Requirement
Every line of the material has to be retyped exactly.

——

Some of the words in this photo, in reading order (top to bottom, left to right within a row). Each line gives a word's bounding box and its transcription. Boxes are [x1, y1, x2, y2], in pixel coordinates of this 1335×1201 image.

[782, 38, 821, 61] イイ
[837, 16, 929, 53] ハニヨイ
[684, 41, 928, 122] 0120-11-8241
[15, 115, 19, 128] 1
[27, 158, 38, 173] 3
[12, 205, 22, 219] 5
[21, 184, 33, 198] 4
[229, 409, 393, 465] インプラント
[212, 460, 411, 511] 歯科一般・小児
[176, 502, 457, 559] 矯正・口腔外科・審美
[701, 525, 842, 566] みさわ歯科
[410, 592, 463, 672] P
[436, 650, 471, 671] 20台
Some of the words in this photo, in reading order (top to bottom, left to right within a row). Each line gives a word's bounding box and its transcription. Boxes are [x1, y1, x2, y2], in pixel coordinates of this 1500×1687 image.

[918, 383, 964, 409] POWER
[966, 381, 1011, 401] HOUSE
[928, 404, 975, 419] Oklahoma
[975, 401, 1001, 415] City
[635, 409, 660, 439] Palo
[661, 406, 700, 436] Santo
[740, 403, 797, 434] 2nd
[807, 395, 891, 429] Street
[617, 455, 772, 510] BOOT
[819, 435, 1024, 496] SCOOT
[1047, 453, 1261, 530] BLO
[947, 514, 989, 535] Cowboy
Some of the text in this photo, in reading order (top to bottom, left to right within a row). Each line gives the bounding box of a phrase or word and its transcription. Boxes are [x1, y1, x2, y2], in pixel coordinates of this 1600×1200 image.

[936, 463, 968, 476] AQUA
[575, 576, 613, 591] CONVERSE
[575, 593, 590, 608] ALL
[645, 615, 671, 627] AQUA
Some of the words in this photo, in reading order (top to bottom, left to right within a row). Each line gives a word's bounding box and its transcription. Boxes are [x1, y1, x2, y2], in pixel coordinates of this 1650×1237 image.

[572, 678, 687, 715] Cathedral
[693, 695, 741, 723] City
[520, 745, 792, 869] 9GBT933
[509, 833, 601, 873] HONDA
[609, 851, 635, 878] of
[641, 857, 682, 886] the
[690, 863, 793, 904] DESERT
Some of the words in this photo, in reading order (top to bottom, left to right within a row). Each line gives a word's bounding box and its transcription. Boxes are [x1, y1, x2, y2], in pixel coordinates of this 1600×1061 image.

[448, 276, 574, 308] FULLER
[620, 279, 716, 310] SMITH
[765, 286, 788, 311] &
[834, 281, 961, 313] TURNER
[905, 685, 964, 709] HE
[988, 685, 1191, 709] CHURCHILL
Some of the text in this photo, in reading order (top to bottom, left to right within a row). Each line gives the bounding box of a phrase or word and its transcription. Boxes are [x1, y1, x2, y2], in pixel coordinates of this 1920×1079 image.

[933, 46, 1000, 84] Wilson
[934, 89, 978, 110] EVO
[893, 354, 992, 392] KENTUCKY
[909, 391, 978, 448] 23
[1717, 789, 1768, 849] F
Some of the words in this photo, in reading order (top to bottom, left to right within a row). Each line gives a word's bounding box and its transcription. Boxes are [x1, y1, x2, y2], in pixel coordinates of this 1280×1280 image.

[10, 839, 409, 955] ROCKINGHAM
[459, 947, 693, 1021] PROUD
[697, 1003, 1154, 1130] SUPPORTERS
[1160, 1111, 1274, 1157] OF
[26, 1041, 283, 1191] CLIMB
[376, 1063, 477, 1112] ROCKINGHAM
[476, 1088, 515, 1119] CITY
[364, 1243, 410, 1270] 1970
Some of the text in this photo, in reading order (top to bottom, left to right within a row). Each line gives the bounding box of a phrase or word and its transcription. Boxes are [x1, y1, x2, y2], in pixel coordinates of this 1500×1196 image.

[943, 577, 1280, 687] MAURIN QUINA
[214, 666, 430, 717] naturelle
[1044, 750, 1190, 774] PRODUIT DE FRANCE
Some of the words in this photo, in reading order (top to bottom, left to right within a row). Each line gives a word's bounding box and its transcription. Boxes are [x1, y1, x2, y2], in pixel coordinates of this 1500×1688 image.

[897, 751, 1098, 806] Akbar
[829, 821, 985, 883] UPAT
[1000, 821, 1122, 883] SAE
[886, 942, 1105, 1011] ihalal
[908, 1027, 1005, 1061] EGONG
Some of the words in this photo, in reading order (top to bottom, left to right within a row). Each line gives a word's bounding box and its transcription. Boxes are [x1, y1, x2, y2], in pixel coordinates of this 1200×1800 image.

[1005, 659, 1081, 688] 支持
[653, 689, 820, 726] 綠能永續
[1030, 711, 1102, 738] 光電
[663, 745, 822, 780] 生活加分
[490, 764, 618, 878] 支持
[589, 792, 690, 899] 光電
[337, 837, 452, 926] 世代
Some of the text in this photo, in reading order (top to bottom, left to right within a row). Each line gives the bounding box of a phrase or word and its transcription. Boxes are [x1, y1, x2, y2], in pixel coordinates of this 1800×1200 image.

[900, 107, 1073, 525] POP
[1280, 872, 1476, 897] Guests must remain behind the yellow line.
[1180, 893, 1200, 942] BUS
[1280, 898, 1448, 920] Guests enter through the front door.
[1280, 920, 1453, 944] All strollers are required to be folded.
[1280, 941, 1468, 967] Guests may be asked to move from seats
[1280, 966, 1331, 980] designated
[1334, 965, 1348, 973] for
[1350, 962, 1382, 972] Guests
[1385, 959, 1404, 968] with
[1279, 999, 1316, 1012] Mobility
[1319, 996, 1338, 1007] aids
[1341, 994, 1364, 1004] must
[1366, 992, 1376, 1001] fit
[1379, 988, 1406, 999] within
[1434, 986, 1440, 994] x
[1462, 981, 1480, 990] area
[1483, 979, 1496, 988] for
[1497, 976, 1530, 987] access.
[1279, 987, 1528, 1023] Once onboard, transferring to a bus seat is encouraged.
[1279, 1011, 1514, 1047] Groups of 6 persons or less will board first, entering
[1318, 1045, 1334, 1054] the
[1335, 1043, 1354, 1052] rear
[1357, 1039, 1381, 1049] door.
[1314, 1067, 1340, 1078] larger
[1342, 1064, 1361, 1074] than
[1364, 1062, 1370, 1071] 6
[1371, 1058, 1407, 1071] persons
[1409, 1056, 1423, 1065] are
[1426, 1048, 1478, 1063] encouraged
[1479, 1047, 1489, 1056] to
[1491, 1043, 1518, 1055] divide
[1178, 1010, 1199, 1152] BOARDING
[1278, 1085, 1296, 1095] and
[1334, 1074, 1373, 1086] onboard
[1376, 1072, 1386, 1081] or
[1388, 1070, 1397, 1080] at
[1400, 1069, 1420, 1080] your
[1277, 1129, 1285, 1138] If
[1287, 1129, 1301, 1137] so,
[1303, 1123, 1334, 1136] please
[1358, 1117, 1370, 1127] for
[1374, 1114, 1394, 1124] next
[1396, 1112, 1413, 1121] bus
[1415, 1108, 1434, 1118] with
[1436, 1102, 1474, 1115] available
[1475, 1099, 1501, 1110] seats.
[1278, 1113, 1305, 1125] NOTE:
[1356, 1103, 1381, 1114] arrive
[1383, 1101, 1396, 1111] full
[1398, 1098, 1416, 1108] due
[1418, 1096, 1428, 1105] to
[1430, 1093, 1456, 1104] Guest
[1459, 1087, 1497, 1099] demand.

——

Task output
Some of the words in this photo, in reading order (top to bottom, left to right within a row). Each line gives a word's bounding box and its transcription. Boxes are [x1, y1, x2, y2], in pixel coordinates of this 1335×1201 image.

[782, 38, 821, 61] イイ
[837, 16, 929, 53] ハニヨイ
[684, 41, 928, 122] 0120-11-8241
[15, 115, 19, 128] 1
[27, 158, 38, 173] 3
[12, 205, 22, 219] 5
[21, 184, 33, 198] 4
[229, 409, 393, 465] インプラント
[212, 460, 411, 511] 歯科一般・小児
[176, 502, 457, 559] 矯正・口腔外科・審美
[701, 525, 842, 566] みさわ歯科
[410, 592, 463, 672] P
[436, 650, 471, 671] 20台
Some of the words in this photo, in reading order (top to bottom, left to right within a row). Each line gives a word's bounding box and its transcription. Boxes are [x1, y1, x2, y2], in pixel coordinates of this 1500×1687 image.

[918, 383, 964, 409] POWER
[966, 381, 1011, 401] HOUSE
[928, 404, 975, 419] Oklahoma
[975, 401, 1001, 415] City
[635, 409, 660, 439] Palo
[661, 406, 700, 436] Santo
[740, 403, 797, 434] 2nd
[807, 395, 891, 429] Street
[617, 455, 772, 510] BOOT
[819, 435, 1024, 496] SCOOT
[1047, 453, 1261, 530] BLO
[947, 514, 989, 535] Cowboy
Some of the text in this photo, in reading order (top to bottom, left to right within a row). Each line gives the bounding box of a phrase or word and its transcription. Boxes are [x1, y1, x2, y2], in pixel coordinates of this 1600×1200 image.

[936, 463, 968, 476] AQUA
[575, 576, 613, 591] CONVERSE
[575, 593, 590, 608] ALL
[645, 615, 671, 627] AQUA
Some of the words in this photo, in reading order (top to bottom, left to right within a row). Each line gives a word's bounding box and its transcription. Boxes are [x1, y1, x2, y2], in pixel coordinates of this 1650×1237 image.

[572, 678, 687, 715] Cathedral
[693, 695, 741, 723] City
[520, 745, 792, 869] 9GBT933
[509, 833, 601, 873] HONDA
[609, 851, 635, 878] of
[641, 857, 682, 886] the
[690, 863, 793, 904] DESERT
Some of the words in this photo, in reading order (top to bottom, left to right within a row). Each line gives a word's bounding box and its transcription. Boxes are [x1, y1, x2, y2], in pixel coordinates of this 1600×1061 image.

[448, 276, 574, 308] FULLER
[620, 279, 716, 310] SMITH
[765, 286, 788, 311] &
[834, 281, 961, 313] TURNER
[905, 685, 964, 709] HE
[988, 685, 1191, 709] CHURCHILL
Some of the text in this photo, in reading order (top to bottom, left to right within a row). Each line gives the bounding box of a phrase or word and its transcription. Boxes are [x1, y1, x2, y2], in pixel coordinates of this 1920×1079 image.

[933, 46, 1000, 84] Wilson
[934, 89, 978, 110] EVO
[893, 354, 992, 392] KENTUCKY
[909, 391, 978, 448] 23
[1717, 789, 1768, 849] F
Some of the words in this photo, in reading order (top to bottom, left to right within a row). Each line gives a word's bounding box and its transcription. Boxes are [x1, y1, x2, y2], in pixel coordinates of this 1280×1280 image.

[10, 839, 409, 955] ROCKINGHAM
[459, 947, 693, 1021] PROUD
[697, 1003, 1154, 1130] SUPPORTERS
[1160, 1111, 1274, 1157] OF
[26, 1041, 283, 1191] CLIMB
[376, 1063, 477, 1112] ROCKINGHAM
[476, 1088, 515, 1119] CITY
[364, 1243, 410, 1270] 1970
Some of the text in this photo, in reading order (top to bottom, left to right within a row). Each line gives the bounding box of a phrase or word and its transcription. Boxes are [x1, y1, x2, y2], in pixel coordinates of this 1500×1196 image.

[943, 577, 1280, 687] MAURIN QUINA
[214, 666, 430, 717] naturelle
[1044, 750, 1190, 774] PRODUIT DE FRANCE
Some of the words in this photo, in reading order (top to bottom, left to right within a row). Each line gives a word's bounding box and its transcription. Boxes are [x1, y1, x2, y2], in pixel coordinates of this 1500×1688 image.

[897, 751, 1098, 806] Akbar
[829, 821, 985, 883] UPAT
[1000, 821, 1122, 883] SAE
[886, 942, 1105, 1011] ihalal
[908, 1027, 1005, 1061] EGONG
Some of the words in this photo, in reading order (top to bottom, left to right within a row). Each line gives a word's bounding box and its transcription. Boxes are [x1, y1, x2, y2], in pixel coordinates of this 1200×1800 image.

[1005, 659, 1081, 688] 支持
[653, 689, 820, 726] 綠能永續
[1030, 711, 1102, 738] 光電
[663, 745, 822, 780] 生活加分
[490, 764, 618, 878] 支持
[589, 792, 690, 899] 光電
[337, 837, 452, 926] 世代
Some of the text in this photo, in reading order (top to bottom, left to right within a row). Each line gives the bounding box of a phrase or word and its transcription. Boxes are [x1, y1, x2, y2], in pixel coordinates of this 1800×1200 image.

[900, 107, 1073, 525] POP
[1280, 872, 1476, 897] Guests must remain behind the yellow line.
[1180, 893, 1200, 942] BUS
[1280, 898, 1448, 920] Guests enter through the front door.
[1280, 920, 1453, 944] All strollers are required to be folded.
[1280, 941, 1468, 967] Guests may be asked to move from seats
[1280, 966, 1331, 980] designated
[1334, 965, 1348, 973] for
[1350, 962, 1382, 972] Guests
[1385, 959, 1404, 968] with
[1279, 999, 1316, 1012] Mobility
[1319, 996, 1338, 1007] aids
[1341, 994, 1364, 1004] must
[1366, 992, 1376, 1001] fit
[1379, 988, 1406, 999] within
[1434, 986, 1440, 994] x
[1462, 981, 1480, 990] area
[1483, 979, 1496, 988] for
[1497, 976, 1530, 987] access.
[1279, 987, 1528, 1023] Once onboard, transferring to a bus seat is encouraged.
[1279, 1011, 1514, 1047] Groups of 6 persons or less will board first, entering
[1318, 1045, 1334, 1054] the
[1335, 1043, 1354, 1052] rear
[1357, 1039, 1381, 1049] door.
[1314, 1067, 1340, 1078] larger
[1342, 1064, 1361, 1074] than
[1364, 1062, 1370, 1071] 6
[1371, 1058, 1407, 1071] persons
[1409, 1056, 1423, 1065] are
[1426, 1048, 1478, 1063] encouraged
[1479, 1047, 1489, 1056] to
[1491, 1043, 1518, 1055] divide
[1178, 1010, 1199, 1152] BOARDING
[1278, 1085, 1296, 1095] and
[1334, 1074, 1373, 1086] onboard
[1376, 1072, 1386, 1081] or
[1388, 1070, 1397, 1080] at
[1400, 1069, 1420, 1080] your
[1277, 1129, 1285, 1138] If
[1287, 1129, 1301, 1137] so,
[1303, 1123, 1334, 1136] please
[1358, 1117, 1370, 1127] for
[1374, 1114, 1394, 1124] next
[1396, 1112, 1413, 1121] bus
[1415, 1108, 1434, 1118] with
[1436, 1102, 1474, 1115] available
[1475, 1099, 1501, 1110] seats.
[1278, 1113, 1305, 1125] NOTE:
[1356, 1103, 1381, 1114] arrive
[1383, 1101, 1396, 1111] full
[1398, 1098, 1416, 1108] due
[1418, 1096, 1428, 1105] to
[1430, 1093, 1456, 1104] Guest
[1459, 1087, 1497, 1099] demand.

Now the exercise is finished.